- Supplied records:
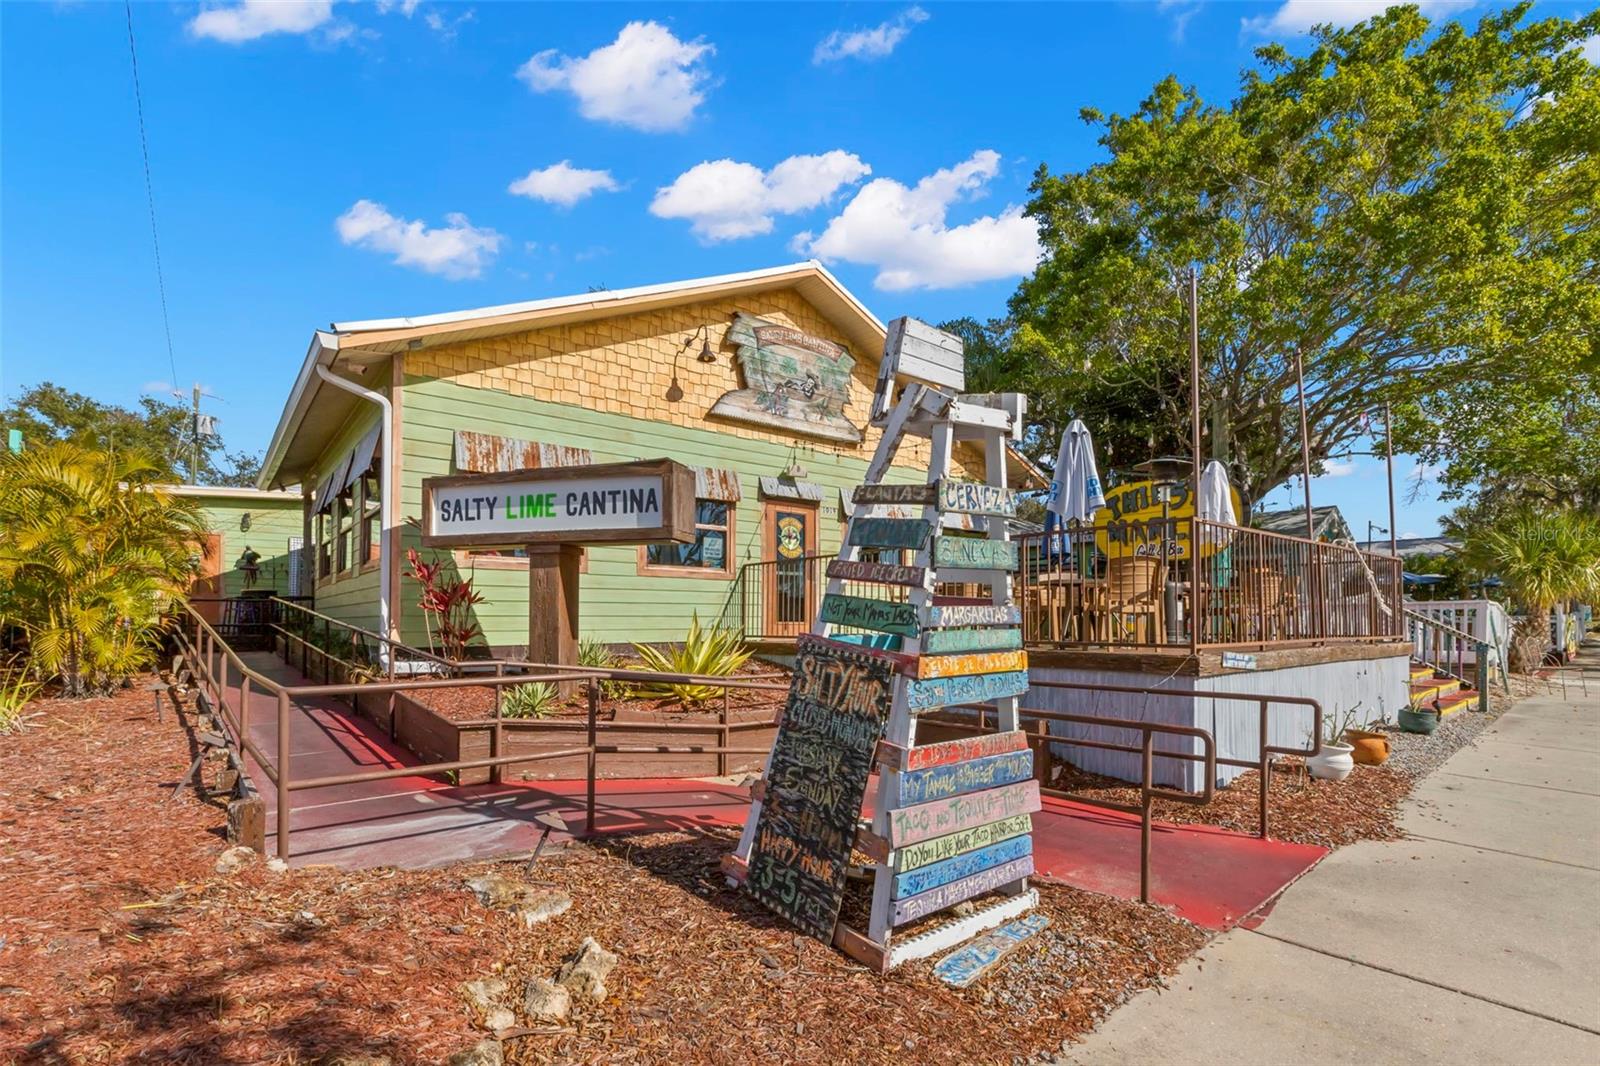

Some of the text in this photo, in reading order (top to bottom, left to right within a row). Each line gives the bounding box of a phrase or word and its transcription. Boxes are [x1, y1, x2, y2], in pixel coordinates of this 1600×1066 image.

[441, 488, 659, 522] SALTY LIME CANTINA
[945, 482, 1016, 517] CERVEZA
[941, 606, 1008, 626] MARGARITAS
[904, 778, 920, 797] MY
[896, 810, 929, 840] TACO

- Your goal: With the pictures omitted, reproduce the records in full and exactly.

- Expected answer:
Some of the text in this photo, in reading order (top to bottom, left to right within a row). Each line gives the bounding box of a phrase or word and its transcription. Boxes are [x1, y1, x2, y2], in pixel coordinates of this 1600×1066 image.

[441, 488, 659, 522] SALTY LIME CANTINA
[945, 482, 1016, 517] CERVEZA
[941, 606, 1008, 626] MARGARITAS
[904, 778, 920, 797] MY
[896, 810, 929, 840] TACO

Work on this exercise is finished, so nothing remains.